Das Konzentrationslager Neukölln – Ein Ort der Shoah in Berlin und sein drohender Verlust im Stadtgedächtnis

Lichtinstallation

Der Text der Lichtinstallation fällt bei Nacht auf den Gehweg der Sonnenallee. Seine Ränder sind unscharf, nicht immer ist die Projektion angeschaltet. Ursprünglich sollte die Projektion beweglich und der Text offen für partizipatorische Ergänzungen sein.

Zwischen September 1944 und April 1945 waren 500 jüdische Frauen in einem Neuköllner Konzentrationslager eingepfercht. Acht Monate zwischen Hoffnung und Todesangst, an deren Ende eine unwahrscheinliche Rettung stand. Mit ihnen überlebte die Erinnerung an das einzige innerstädtische KZ Berlins im Zweiten Weltkrieg.
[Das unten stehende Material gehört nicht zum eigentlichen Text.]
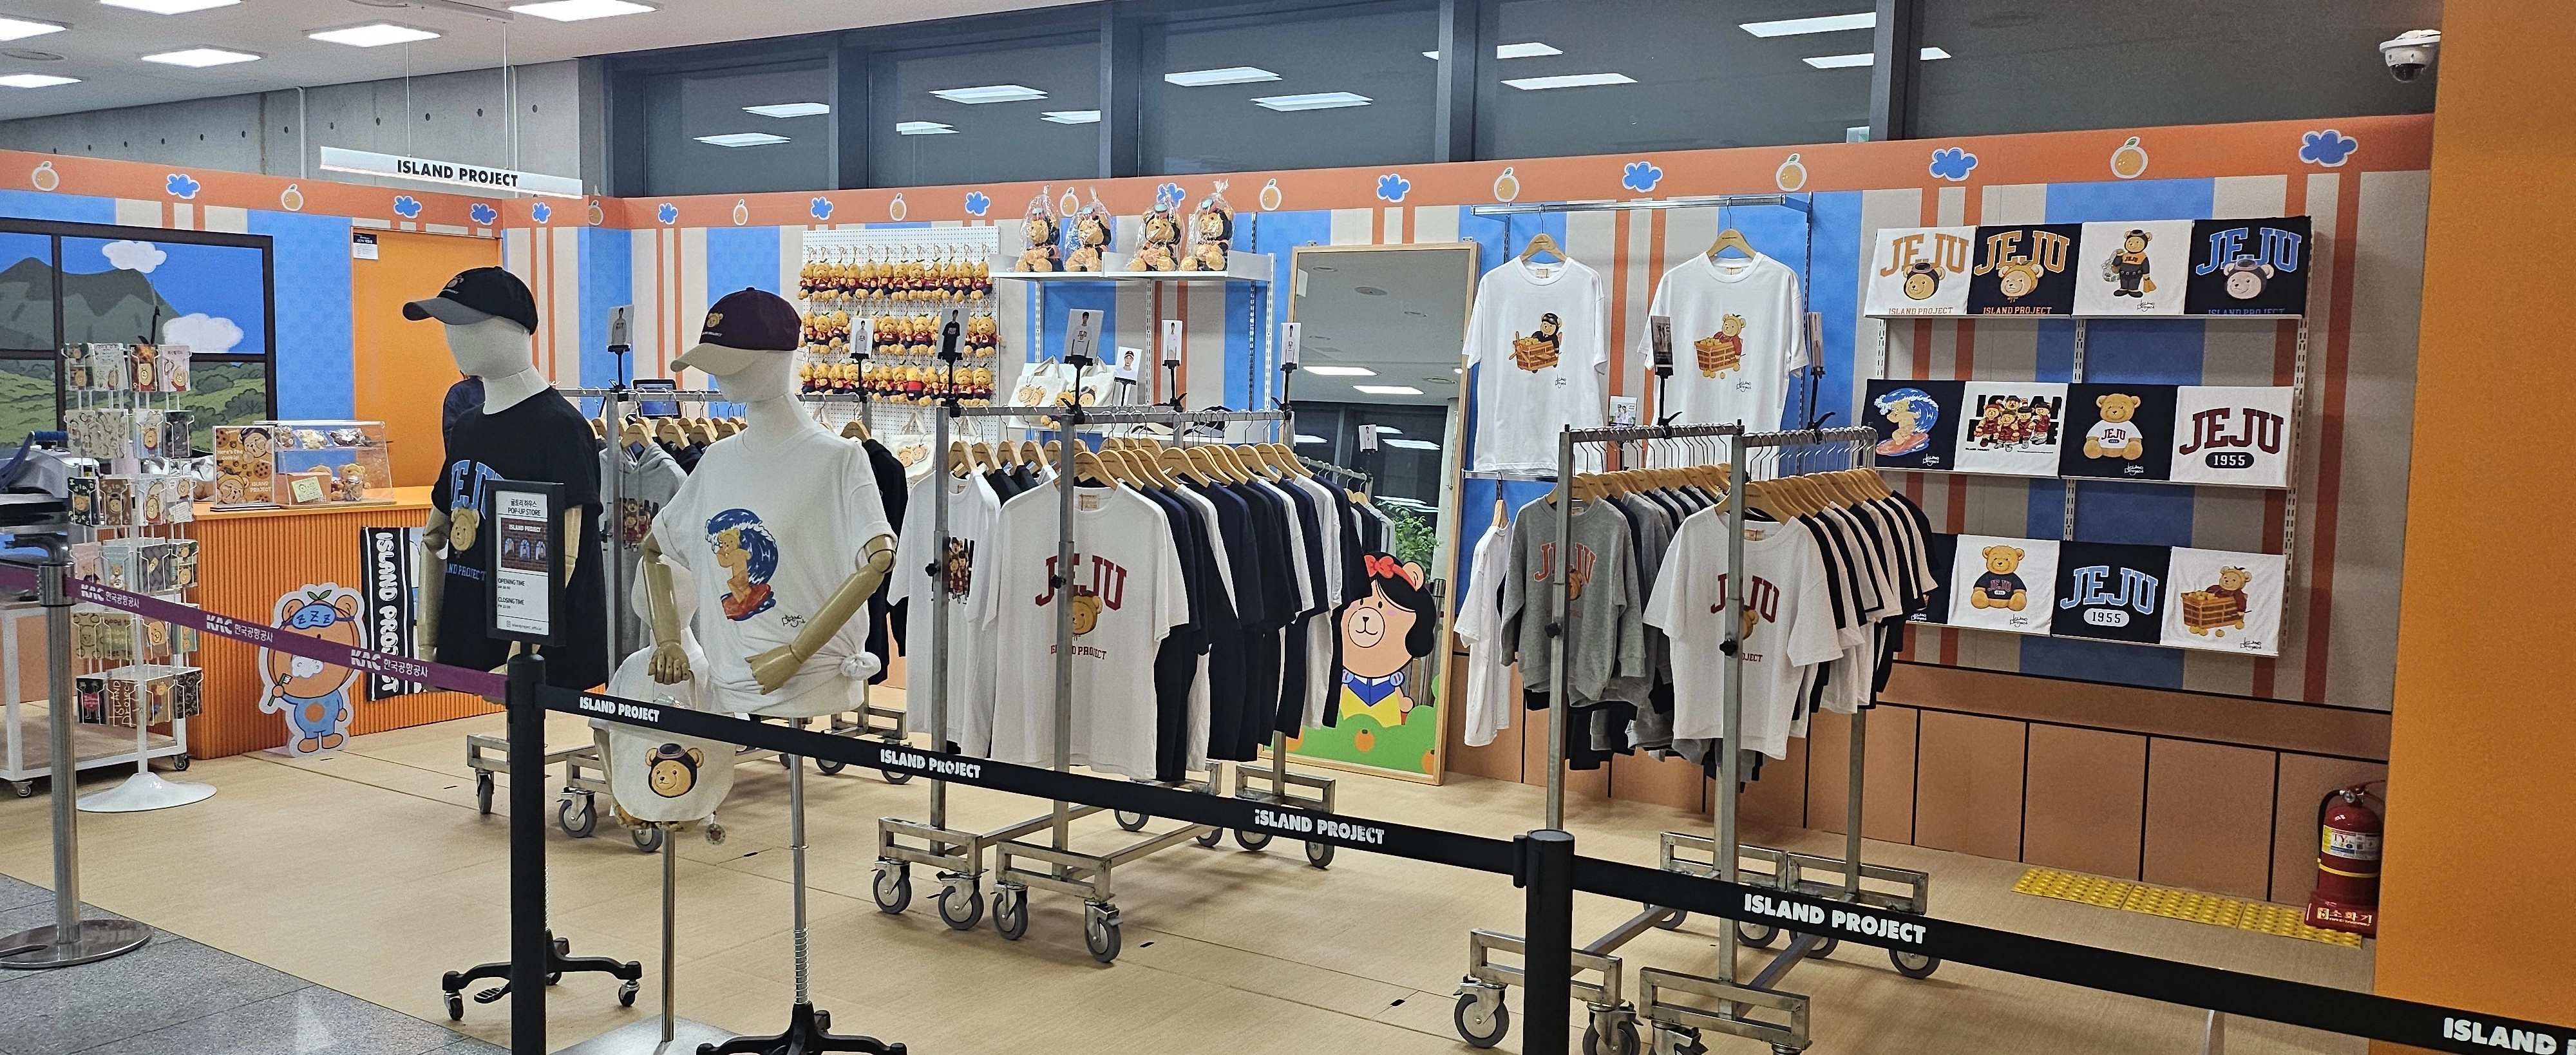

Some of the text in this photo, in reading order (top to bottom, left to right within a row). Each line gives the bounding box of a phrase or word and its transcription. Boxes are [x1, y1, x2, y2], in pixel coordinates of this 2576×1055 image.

Von Leon Kloke, Historiker

Das Neuköllner KZ 1944-1945 und in der Gegenwart

Im August 1944 wurden 500 Jüdinnen des Ghettos Lodz buchstäblich in letzter Minute vor den Gaskammern bewahrt. Die SS verschleppte sie aus Auschwitz zur Zwangsarbeit nach Berlin.

Die meist polnischen Frauen wurden dort in ein geräumtes Zwangsarbeiterinnen-Lager der Firma Nationale Krupp Registrierkassen eingewiesen. Das 1942 errichtete Lager war umzäunt, bestand aus drei Schlafbaracken und wurde nun vom KZ Sachsenhausen verwaltet.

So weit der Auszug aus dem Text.